_Supplied material:_
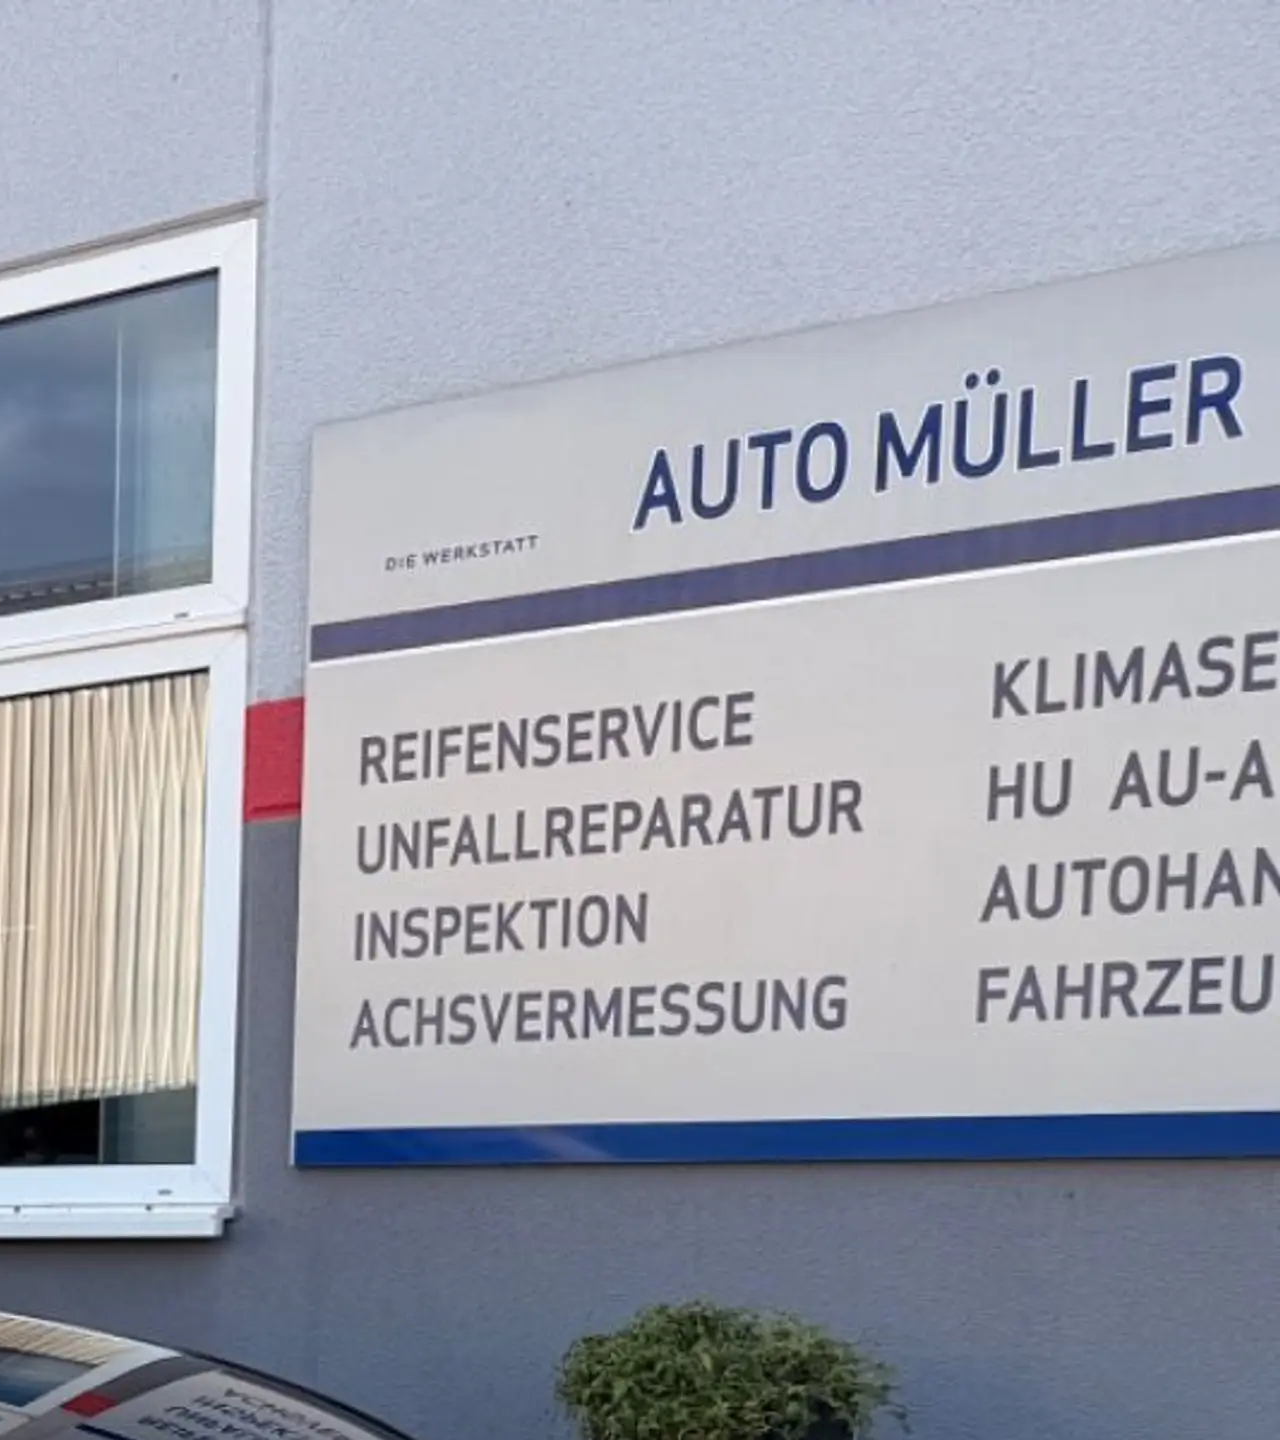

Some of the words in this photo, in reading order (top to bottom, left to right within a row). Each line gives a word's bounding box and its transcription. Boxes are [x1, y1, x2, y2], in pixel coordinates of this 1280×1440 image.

[633, 422, 849, 530] AUTO
[875, 356, 1244, 493] MÜLLER
[385, 553, 418, 571] DIE
[422, 534, 539, 567] WERKSTATT
[992, 630, 1280, 719] KLIMASE
[360, 691, 755, 786] REIFENSERVICE
[987, 758, 1073, 822] HU
[1109, 739, 1274, 811] AU-A
[357, 779, 863, 875] UNFALLREPARATUR
[979, 847, 1280, 923] AUTOHAN
[354, 892, 648, 962] INSPEKTION
[349, 975, 847, 1049] ACHSVERMESSUNG
[976, 953, 1275, 1024] FAHRZEU
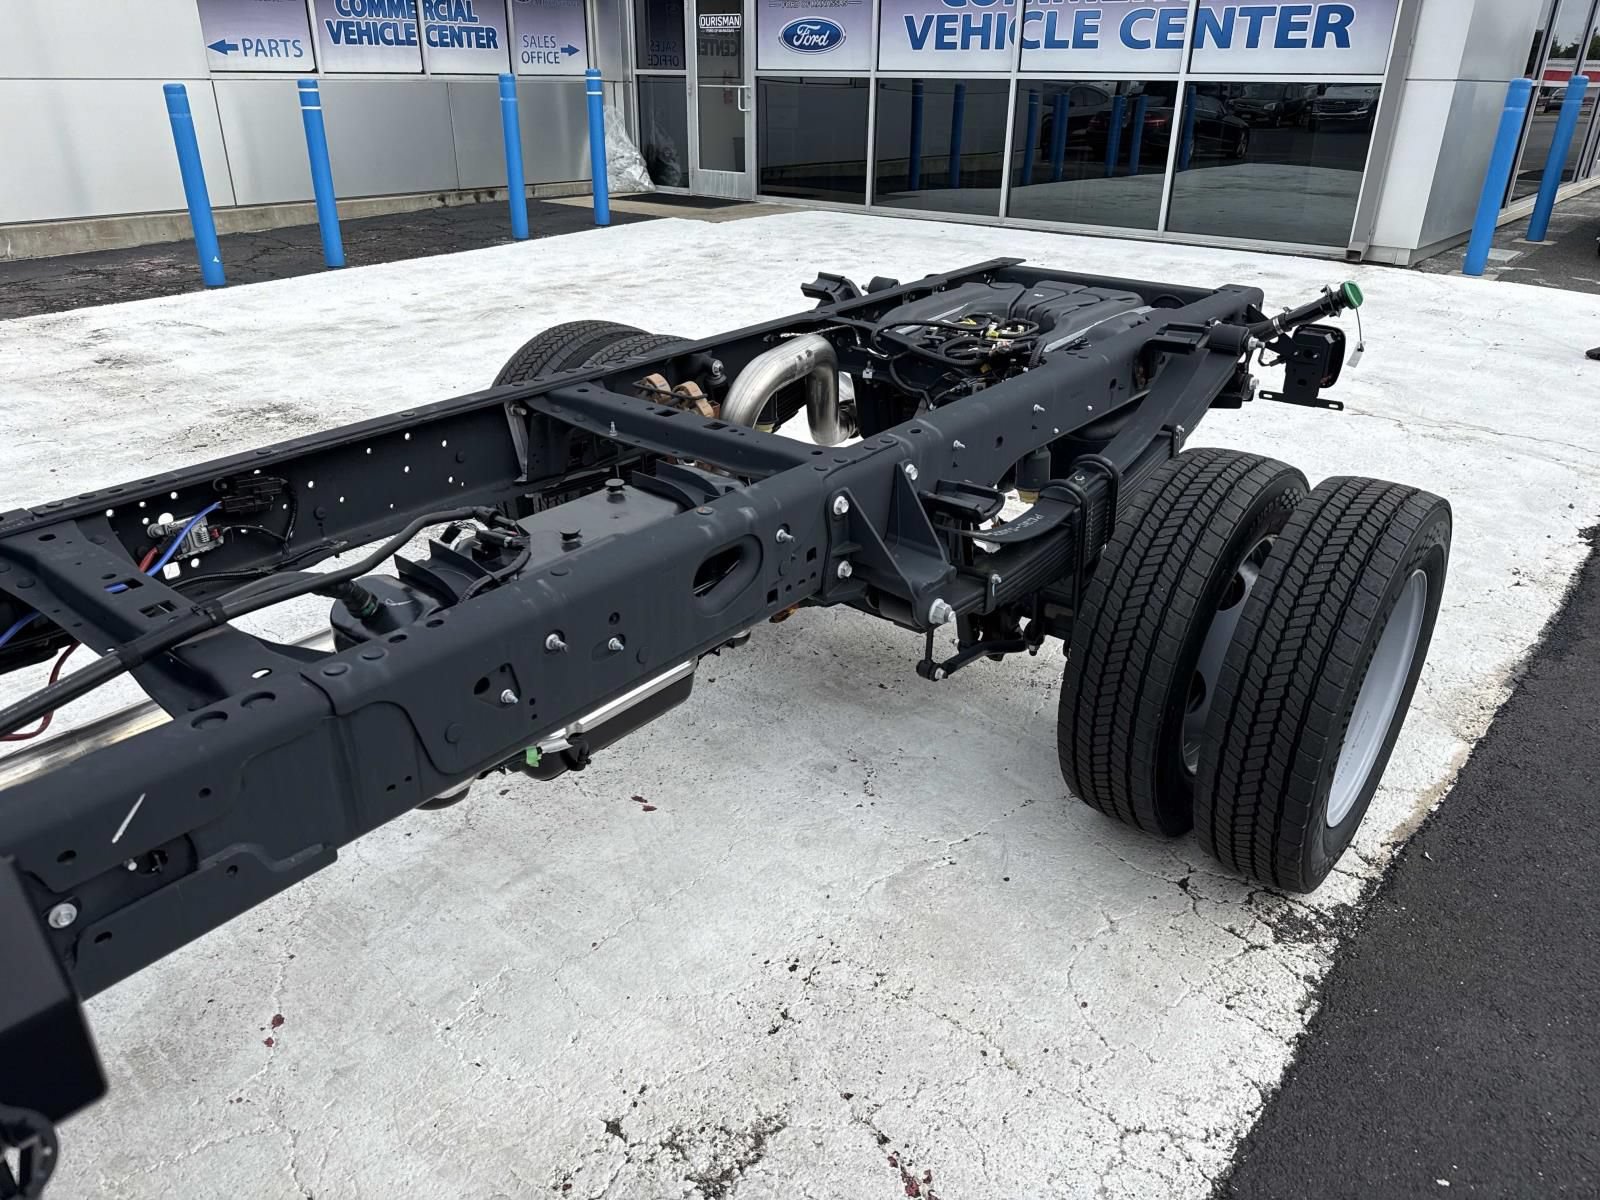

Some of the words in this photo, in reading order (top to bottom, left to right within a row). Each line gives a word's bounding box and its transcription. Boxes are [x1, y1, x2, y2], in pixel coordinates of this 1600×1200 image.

[335, 0, 479, 23] COMMERCIAL
[700, 16, 740, 27] OURISMAN
[325, 19, 418, 46] VEHICLE
[425, 25, 498, 49] CENTER
[793, 24, 830, 46] Ford
[904, 10, 1102, 50] VEHICLE
[1119, 4, 1355, 50] CENTER
[241, 38, 304, 58] PARTS
[522, 35, 557, 49] SALES
[521, 51, 560, 64] OFFICE

_What the task asks:_
Take the whole listing above and copy it exactly. Pictures do not go into the copy.

_Response box:_
Some of the words in this photo, in reading order (top to bottom, left to right within a row). Each line gives a word's bounding box and its transcription. Boxes are [x1, y1, x2, y2], in pixel coordinates of this 1280×1440 image.

[633, 422, 849, 530] AUTO
[875, 356, 1244, 493] MÜLLER
[385, 553, 418, 571] DIE
[422, 534, 539, 567] WERKSTATT
[992, 630, 1280, 719] KLIMASE
[360, 691, 755, 786] REIFENSERVICE
[987, 758, 1073, 822] HU
[1109, 739, 1274, 811] AU-A
[357, 779, 863, 875] UNFALLREPARATUR
[979, 847, 1280, 923] AUTOHAN
[354, 892, 648, 962] INSPEKTION
[349, 975, 847, 1049] ACHSVERMESSUNG
[976, 953, 1275, 1024] FAHRZEU

Some of the words in this photo, in reading order (top to bottom, left to right within a row). Each line gives a word's bounding box and its transcription. Boxes are [x1, y1, x2, y2], in pixel coordinates of this 1600×1200 image.

[335, 0, 479, 23] COMMERCIAL
[700, 16, 740, 27] OURISMAN
[325, 19, 418, 46] VEHICLE
[425, 25, 498, 49] CENTER
[793, 24, 830, 46] Ford
[904, 10, 1102, 50] VEHICLE
[1119, 4, 1355, 50] CENTER
[241, 38, 304, 58] PARTS
[522, 35, 557, 49] SALES
[521, 51, 560, 64] OFFICE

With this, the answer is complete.